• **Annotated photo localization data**
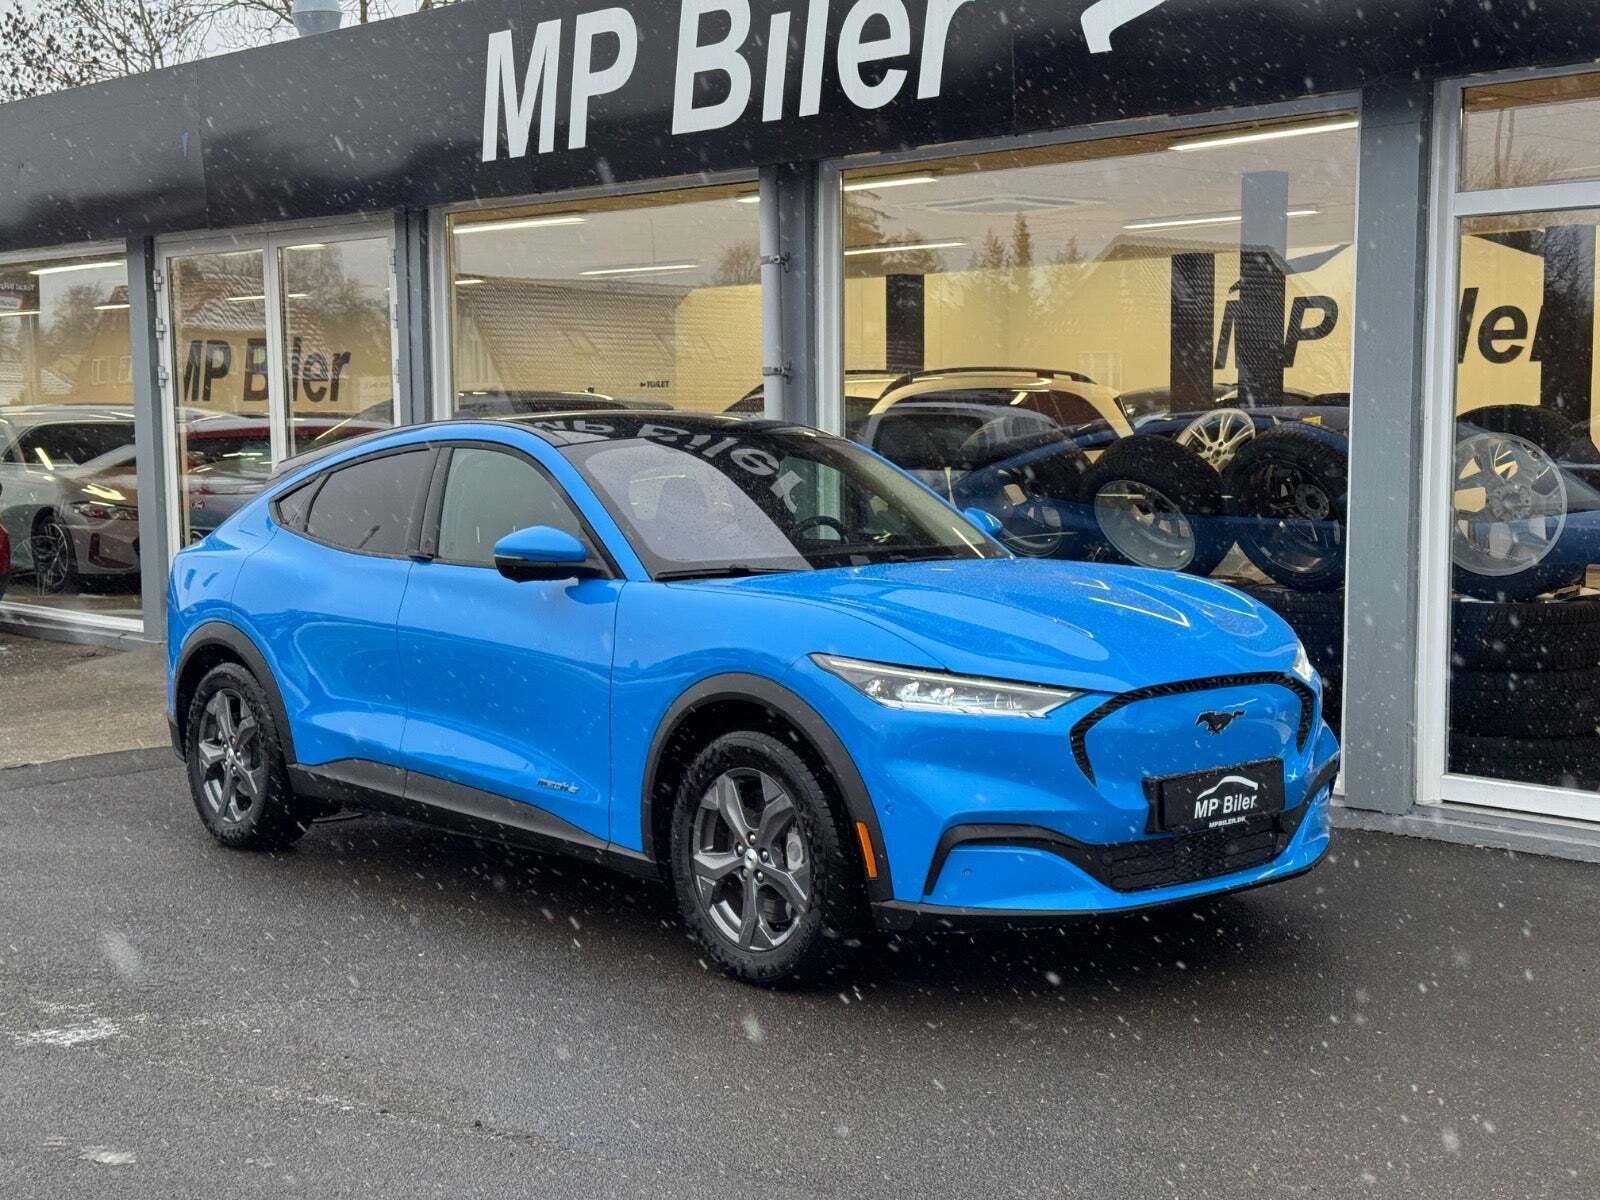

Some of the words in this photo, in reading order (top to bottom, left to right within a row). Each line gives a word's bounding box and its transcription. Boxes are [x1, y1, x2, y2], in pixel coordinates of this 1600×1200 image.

[482, 7, 638, 163] MP
[671, 0, 977, 136] Biler
[243, 336, 352, 403] Bler
[1193, 798, 1219, 819] MP
[1223, 793, 1258, 814] Biler
[1208, 815, 1247, 828] MPBILER.DK
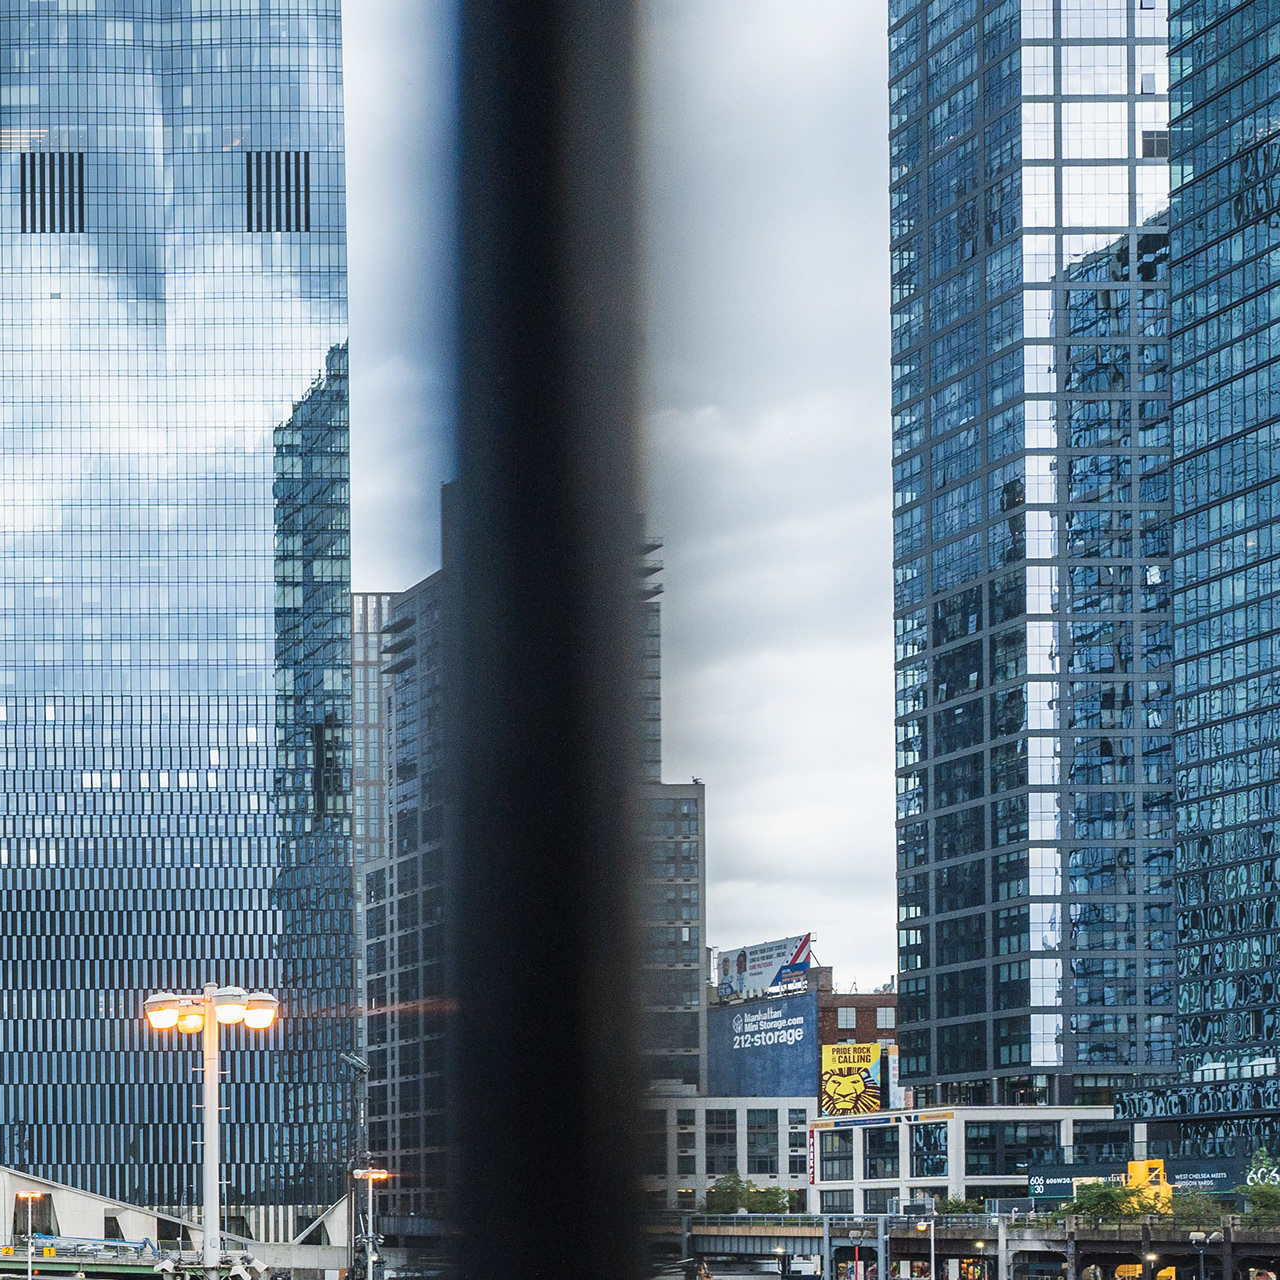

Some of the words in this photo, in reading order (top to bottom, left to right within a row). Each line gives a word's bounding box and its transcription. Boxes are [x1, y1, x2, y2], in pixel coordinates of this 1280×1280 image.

[745, 1007, 782, 1022] Manhattan
[745, 1022, 758, 1032] Mini
[759, 1017, 804, 1031] Storage.com
[831, 1047, 851, 1055] PRIDE
[838, 1055, 871, 1064] CALLING
[1030, 1176, 1044, 1185] 606
[1035, 1185, 1044, 1193] 30
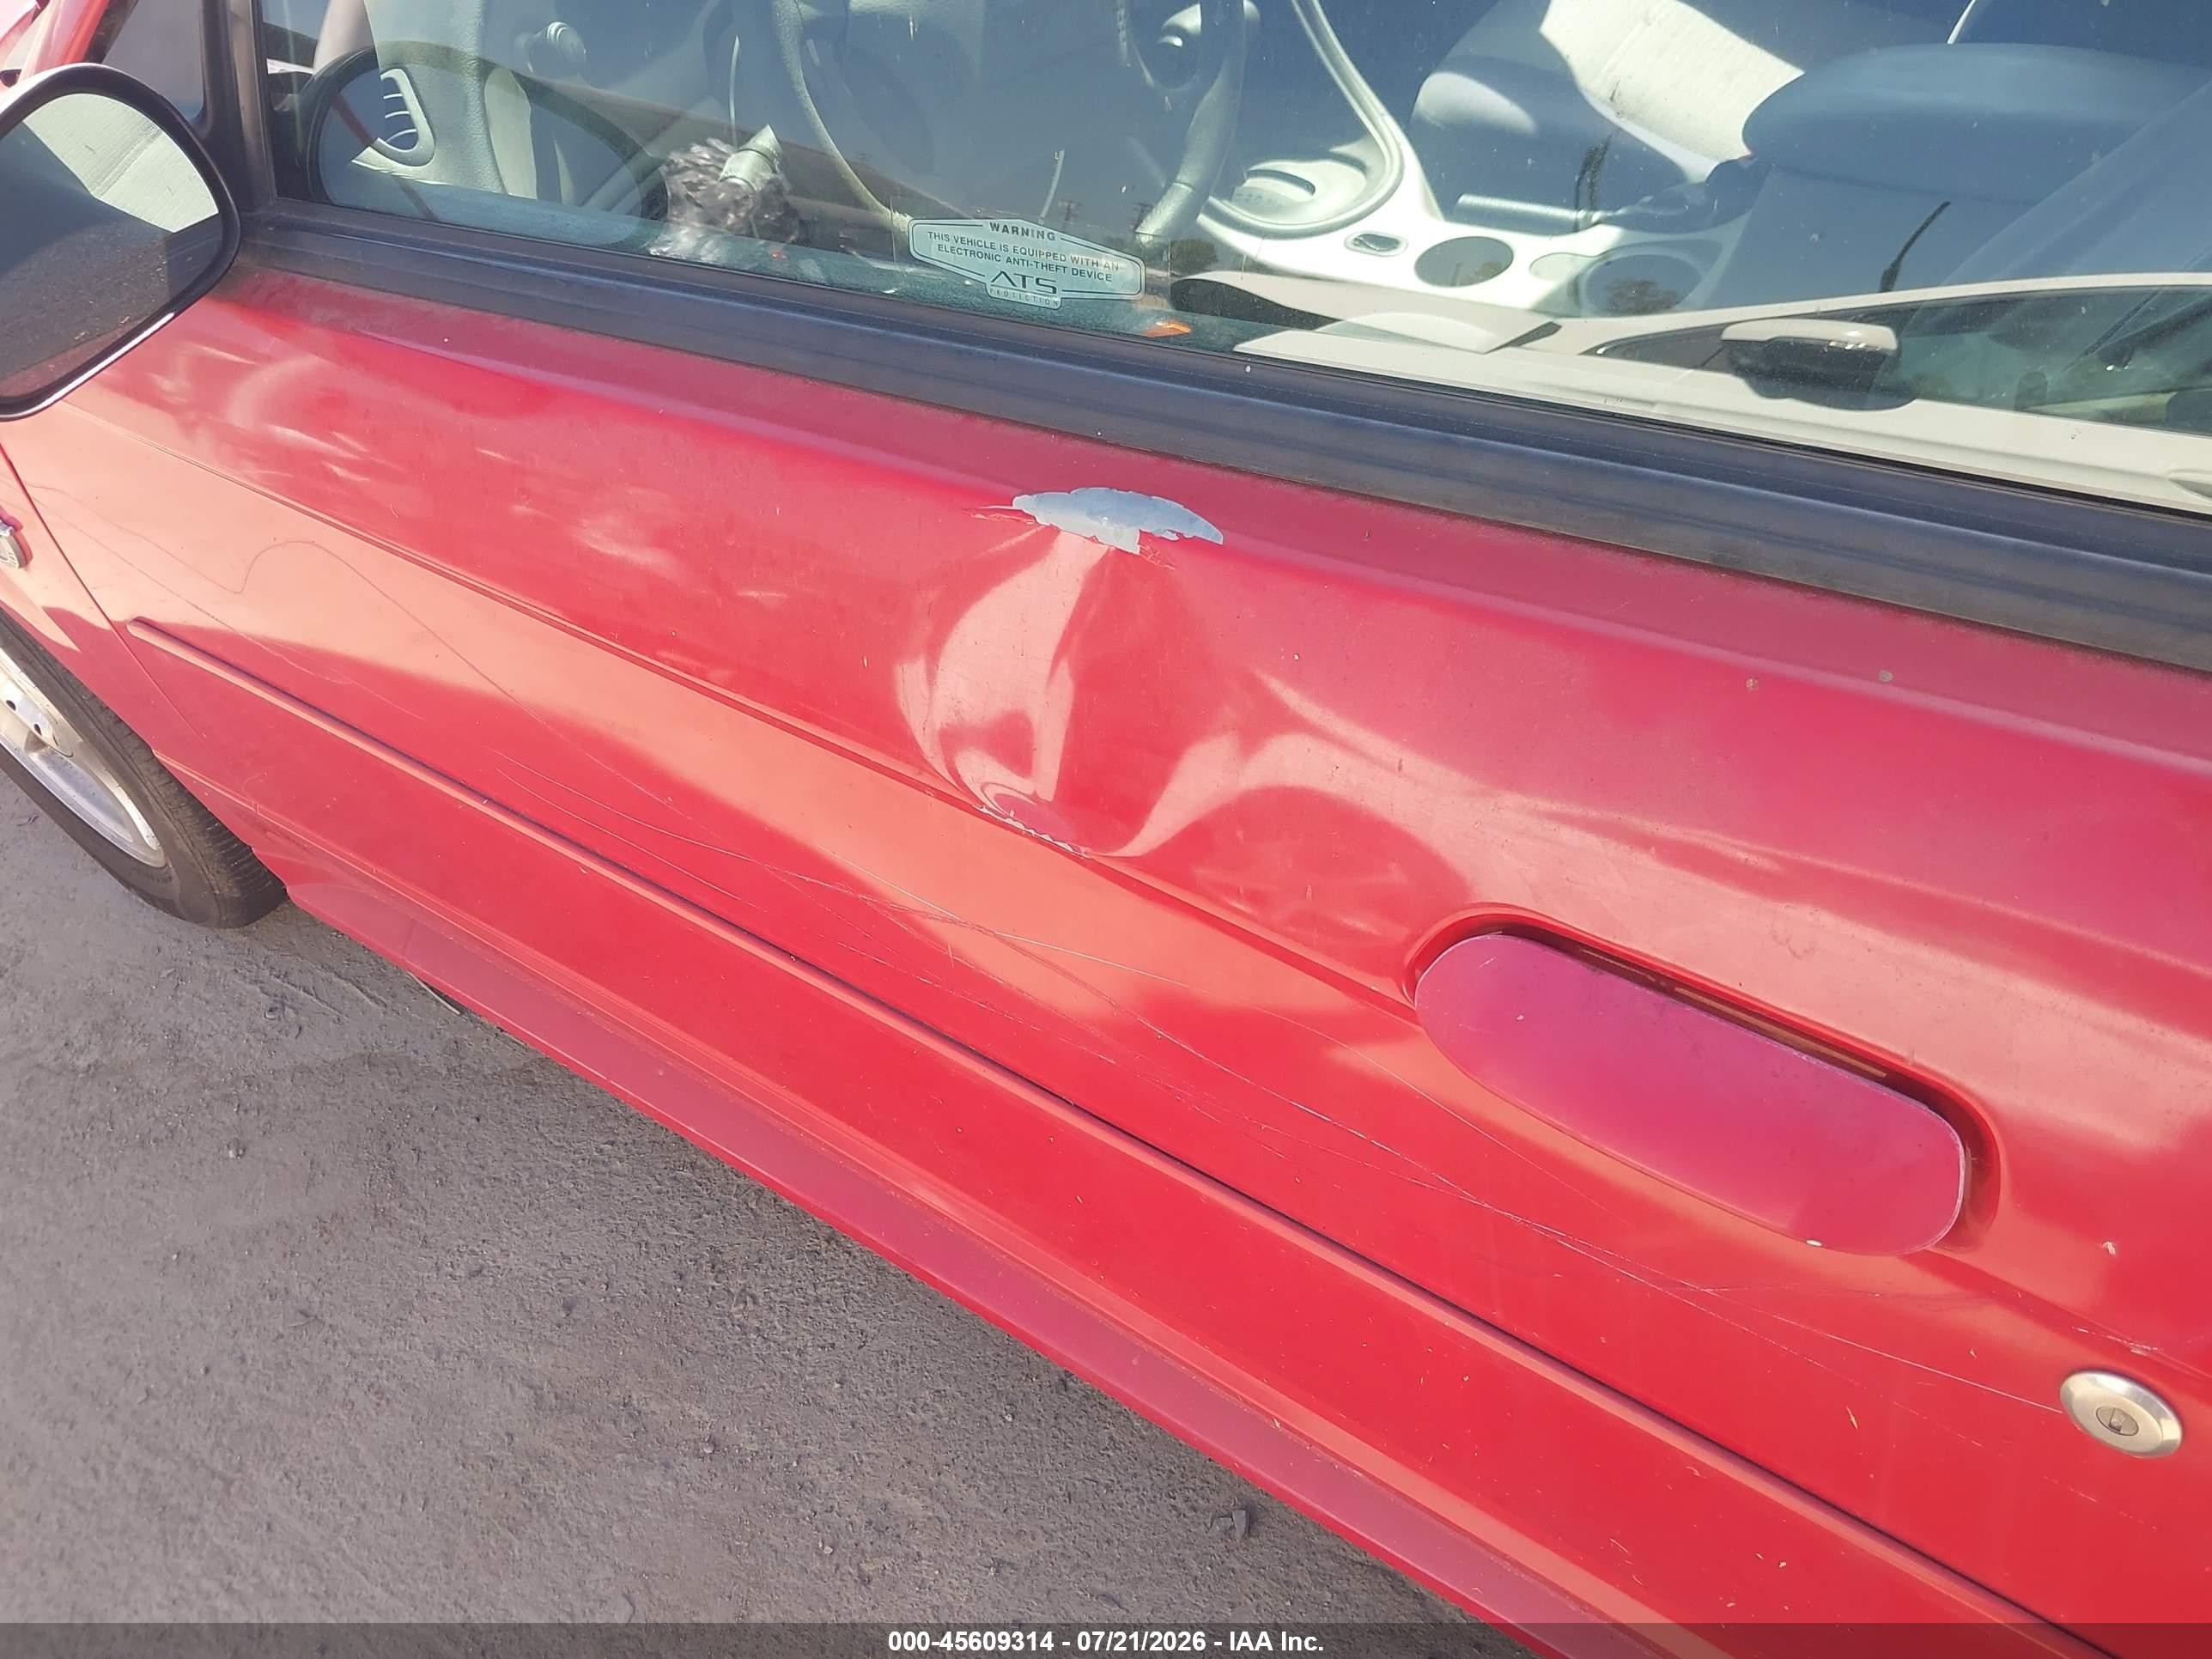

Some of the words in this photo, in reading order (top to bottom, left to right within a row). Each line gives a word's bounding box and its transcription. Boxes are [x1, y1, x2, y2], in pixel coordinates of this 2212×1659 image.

• **EXERCISE DESCRIPTION**
Please retype, exactly and with the pictures left out, the lines from the line containing "this 1280×1280 image." through the last line of the records above.

• **ANSWER**
Some of the words in this photo, in reading order (top to bottom, left to right within a row). Each line gives a word's bounding box and its transcription. Boxes are [x1, y1, x2, y2], in pixel coordinates of this 1280×1280 image.

[745, 1007, 782, 1022] Manhattan
[745, 1022, 758, 1032] Mini
[759, 1017, 804, 1031] Storage.com
[831, 1047, 851, 1055] PRIDE
[838, 1055, 871, 1064] CALLING
[1030, 1176, 1044, 1185] 606
[1035, 1185, 1044, 1193] 30

Some of the words in this photo, in reading order (top to bottom, left to right within a row). Each line gives a word's bounding box and its transcription. Boxes are [x1, y1, x2, y2], in pixel coordinates of this 2212×1659 image.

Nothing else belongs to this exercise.